成人男性の1日の摂取基準は7mgとされています。
ビタミンC
ビタミンCも抗酸化物質の1つであり、細胞同士をつなぐコラーゲンというタンパク質に不可欠な栄養素なので皮膚や骨、血管を丈夫にする働きがあります。ストレスにも関係しており、ビタミンCが不足すると、ストレスに弱くなったり、心身の不調をきたすことが知られています。
成人男性の1日の摂取基準は100mgとされています。
男性不妊の食事でおすすめの食べ物は?
以下に一般的に亜鉛、ビタミンE、ビタミンCが豊富だとされている食べ物を紹介します。なお、各成分の含有量はおおよその数値です(※5)。
亜鉛が豊富な食べ物
魚介類ではカキが豊富で、100g中13mgの亜鉛を含んでいます。肉類では牛肩が100g中5mg、豚レバーが100g中7mgの亜鉛を含んでいます。また、レンズ豆やそら豆も比較的多く含んでいます。
ビタミンEが豊富な食べ物
ビタミンEが多いのは乾燥させたアーモンドで、100gあたり31mg含まれています。アンコウの肝も多く、100gあたりビタミンEが14mg含まれています。そのほかウナギの蒲焼やかぼちゃもビタミンEが豊富です。
ビタミンCが豊富な食べ物
ビタミンCが多く含まれているのは果物のアセロラです。アセロラの10%飲料190g中にビタミンCが228mgも含まれています。カキは100g中に70mgのビタミンCが含まれています。野菜では、赤ピーマンや黄ピーマンが多く、それぞれ100g中に171mgと151mgのビタミンCを含んでいます。
男性不妊は食事などの生活習慣を見直そう
生活習慣病を持っている男性は持っていない男性に比べて精巣の働きが悪くなり、男性不妊になりやすいとされています。その改善にはバランスの取れた食事が効果的な場合もあります。
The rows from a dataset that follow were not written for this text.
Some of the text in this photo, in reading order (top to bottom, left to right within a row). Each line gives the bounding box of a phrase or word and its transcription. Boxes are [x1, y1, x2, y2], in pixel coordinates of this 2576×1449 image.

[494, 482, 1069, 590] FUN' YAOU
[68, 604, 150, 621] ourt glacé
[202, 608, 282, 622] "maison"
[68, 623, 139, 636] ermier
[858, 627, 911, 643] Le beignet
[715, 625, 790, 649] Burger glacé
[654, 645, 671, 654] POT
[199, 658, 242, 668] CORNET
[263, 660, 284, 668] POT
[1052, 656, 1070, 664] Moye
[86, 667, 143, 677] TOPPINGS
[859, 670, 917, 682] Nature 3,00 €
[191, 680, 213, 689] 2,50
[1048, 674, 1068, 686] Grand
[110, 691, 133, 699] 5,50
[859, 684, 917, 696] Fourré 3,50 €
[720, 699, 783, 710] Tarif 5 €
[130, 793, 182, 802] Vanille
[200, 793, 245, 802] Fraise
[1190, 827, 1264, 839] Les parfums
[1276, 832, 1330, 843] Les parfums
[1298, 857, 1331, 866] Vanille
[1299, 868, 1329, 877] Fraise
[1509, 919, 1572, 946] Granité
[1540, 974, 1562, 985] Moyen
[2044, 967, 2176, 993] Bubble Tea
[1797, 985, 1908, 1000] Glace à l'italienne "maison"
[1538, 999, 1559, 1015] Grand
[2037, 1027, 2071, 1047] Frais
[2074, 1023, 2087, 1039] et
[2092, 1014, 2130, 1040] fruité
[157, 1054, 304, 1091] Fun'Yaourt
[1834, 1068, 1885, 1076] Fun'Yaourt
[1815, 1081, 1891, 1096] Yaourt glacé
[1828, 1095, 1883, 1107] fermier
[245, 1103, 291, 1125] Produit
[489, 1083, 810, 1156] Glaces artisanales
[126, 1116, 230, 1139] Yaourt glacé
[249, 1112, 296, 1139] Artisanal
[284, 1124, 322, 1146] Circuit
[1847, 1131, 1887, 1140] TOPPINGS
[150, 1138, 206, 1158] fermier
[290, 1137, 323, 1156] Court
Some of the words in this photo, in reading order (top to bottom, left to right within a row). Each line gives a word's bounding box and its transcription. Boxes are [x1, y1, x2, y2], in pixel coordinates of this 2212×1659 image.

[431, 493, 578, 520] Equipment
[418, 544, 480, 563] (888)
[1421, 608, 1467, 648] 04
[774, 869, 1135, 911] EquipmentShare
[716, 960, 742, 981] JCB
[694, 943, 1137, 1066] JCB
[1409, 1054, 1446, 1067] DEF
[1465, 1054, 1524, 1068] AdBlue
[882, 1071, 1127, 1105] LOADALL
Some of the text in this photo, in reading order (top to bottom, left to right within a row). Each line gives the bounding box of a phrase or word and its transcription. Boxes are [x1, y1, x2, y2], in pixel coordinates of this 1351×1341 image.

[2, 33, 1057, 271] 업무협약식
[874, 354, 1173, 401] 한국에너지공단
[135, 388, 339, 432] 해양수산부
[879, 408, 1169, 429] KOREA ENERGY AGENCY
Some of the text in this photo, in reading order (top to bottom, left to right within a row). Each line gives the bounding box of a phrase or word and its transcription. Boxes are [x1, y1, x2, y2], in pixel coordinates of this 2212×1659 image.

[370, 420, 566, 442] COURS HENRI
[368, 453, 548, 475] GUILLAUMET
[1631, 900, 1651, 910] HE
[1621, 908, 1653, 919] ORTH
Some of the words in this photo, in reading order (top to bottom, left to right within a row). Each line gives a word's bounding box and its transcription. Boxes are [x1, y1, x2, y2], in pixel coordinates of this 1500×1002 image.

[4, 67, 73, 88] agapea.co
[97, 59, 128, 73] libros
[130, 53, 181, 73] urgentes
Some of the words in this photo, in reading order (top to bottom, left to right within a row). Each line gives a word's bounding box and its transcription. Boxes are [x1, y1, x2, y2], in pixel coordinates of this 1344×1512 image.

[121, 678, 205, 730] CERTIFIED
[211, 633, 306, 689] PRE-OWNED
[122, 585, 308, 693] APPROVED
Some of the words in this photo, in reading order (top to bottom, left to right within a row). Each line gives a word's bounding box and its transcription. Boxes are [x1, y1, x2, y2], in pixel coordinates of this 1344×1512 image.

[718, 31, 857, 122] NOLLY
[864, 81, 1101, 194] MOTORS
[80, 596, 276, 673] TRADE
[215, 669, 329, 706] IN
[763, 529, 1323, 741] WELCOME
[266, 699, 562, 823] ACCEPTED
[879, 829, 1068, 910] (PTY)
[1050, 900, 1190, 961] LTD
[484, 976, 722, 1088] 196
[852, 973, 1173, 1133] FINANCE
しかし食事だけで男性不妊を解決できるとは思わないでください。規則正しい十分な睡眠や軽めの運動、禁煙やアルコールの摂取を控えるといったライフスタイルに変えることも大切ですし、それでも改善できないこともあることは理解しておいてください(※4)。
不妊はどちらか一方だけの問題ではなく、女性と男性両者が向き合うべき問題です。パートナーの男性の協力を得ながら、2人で問題に向き合っていけるといいですね。